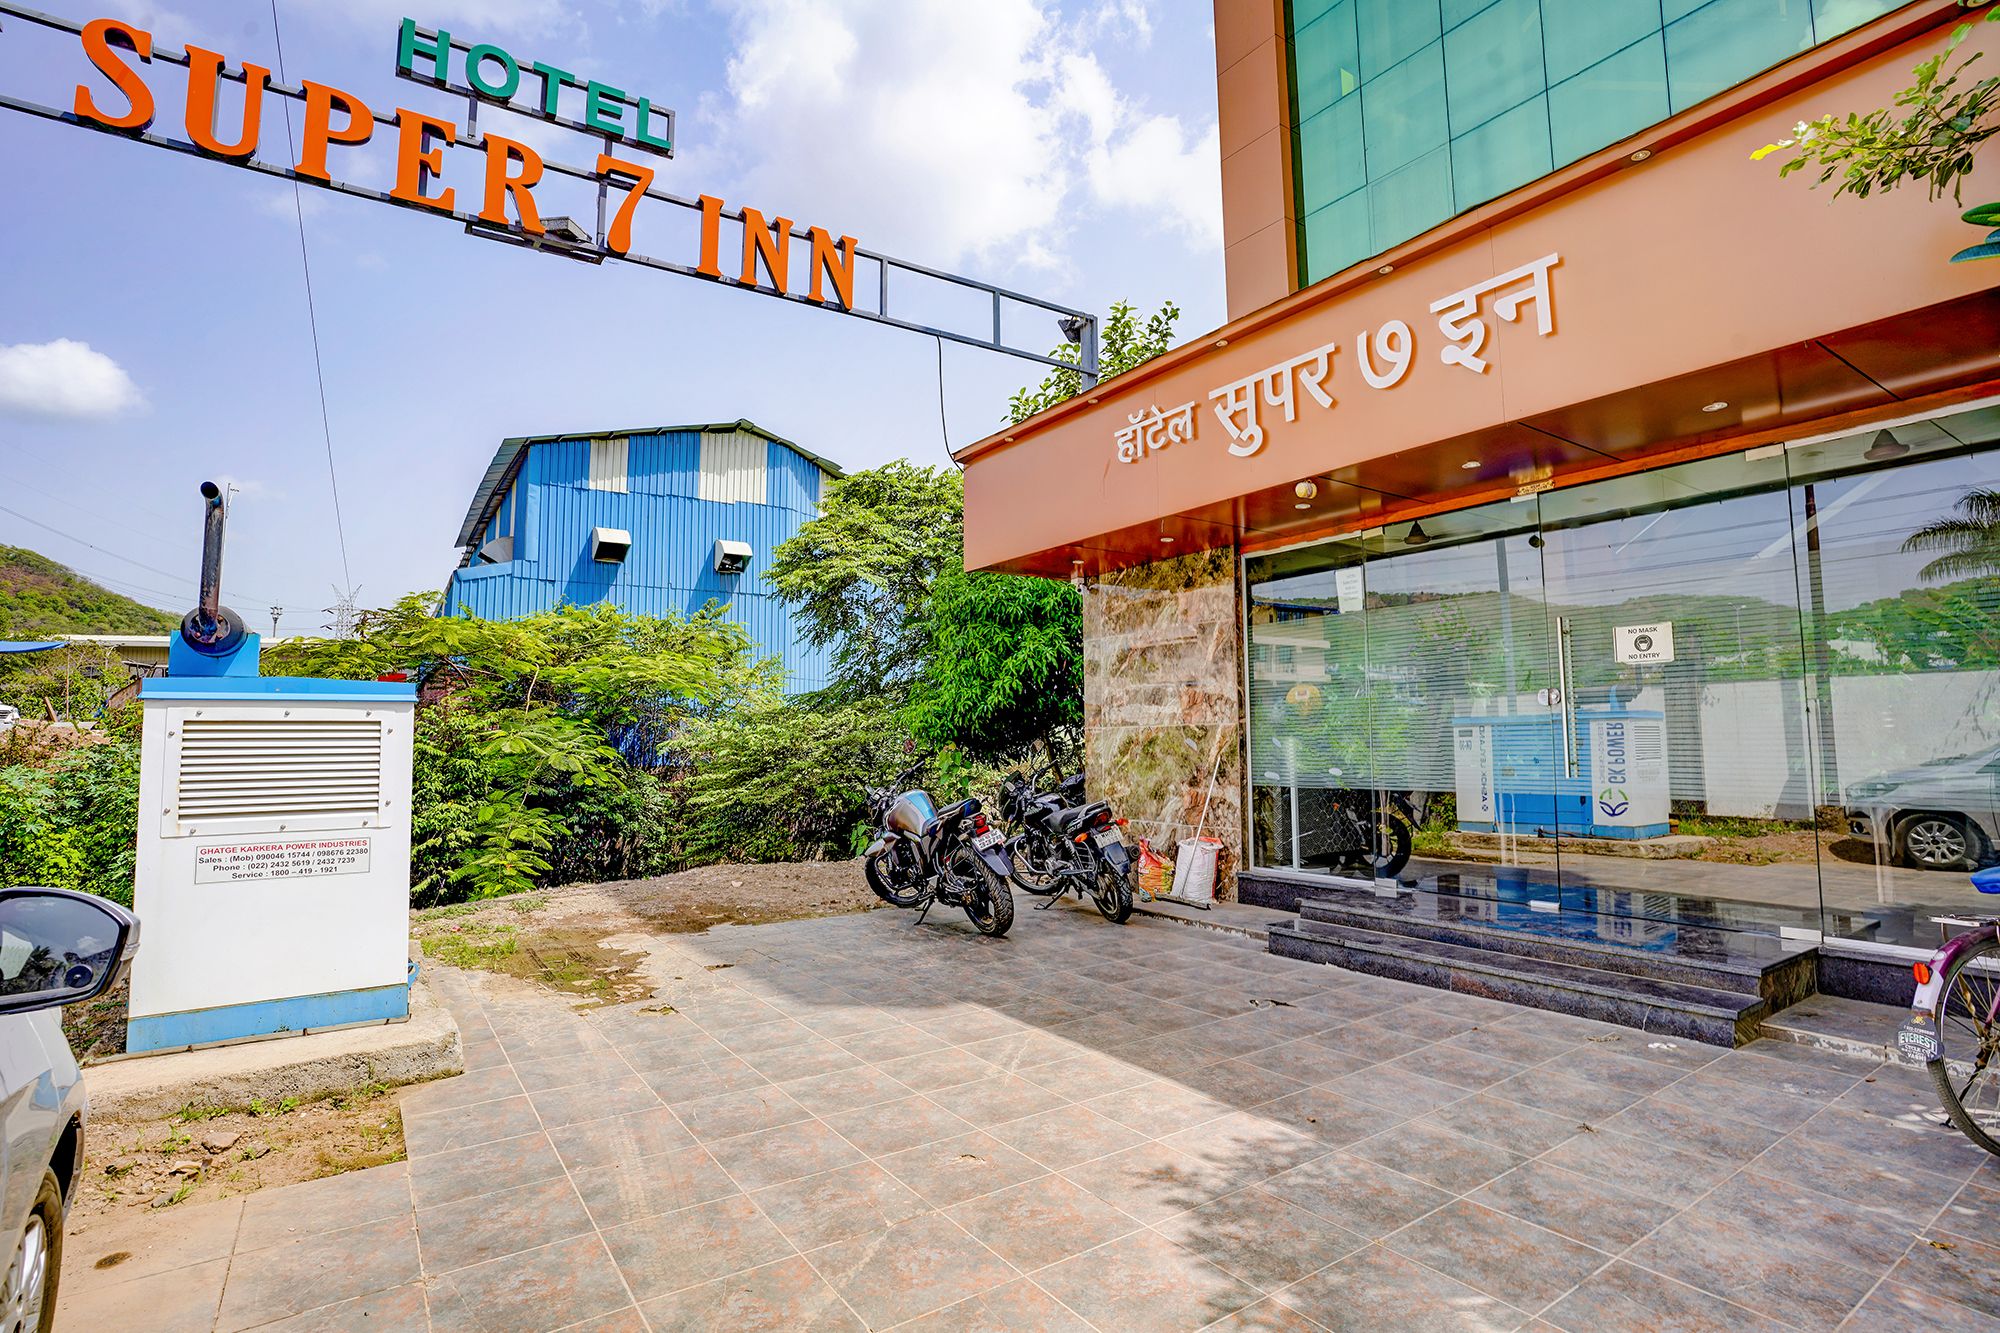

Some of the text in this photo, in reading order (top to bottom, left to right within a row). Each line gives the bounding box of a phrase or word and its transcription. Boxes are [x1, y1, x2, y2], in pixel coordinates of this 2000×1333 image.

[398, 17, 672, 149] HOTEL
[74, 18, 858, 311] SUPER 7 INN
[1115, 253, 1559, 462] हॉटेल सुपर ७ इन
[200, 840, 368, 855] GHATGE KARKERA POWER INDUSTRIES
[230, 855, 254, 863] (Mob)
[248, 862, 268, 870] (022)
[1900, 1032, 1934, 1053] EVEREST
....
What needs to be done> Please reproduce the records above exactly, leaving out every picture.

Response to the exercise>
Some of the text in this photo, in reading order (top to bottom, left to right within a row). Each line gives the bounding box of a phrase or word and its transcription. Boxes are [x1, y1, x2, y2], in pixel coordinates of this 2000×1333 image.

[398, 17, 672, 149] HOTEL
[74, 18, 858, 311] SUPER 7 INN
[1115, 253, 1559, 462] हॉटेल सुपर ७ इन
[200, 840, 368, 855] GHATGE KARKERA POWER INDUSTRIES
[230, 855, 254, 863] (Mob)
[248, 862, 268, 870] (022)
[1900, 1032, 1934, 1053] EVEREST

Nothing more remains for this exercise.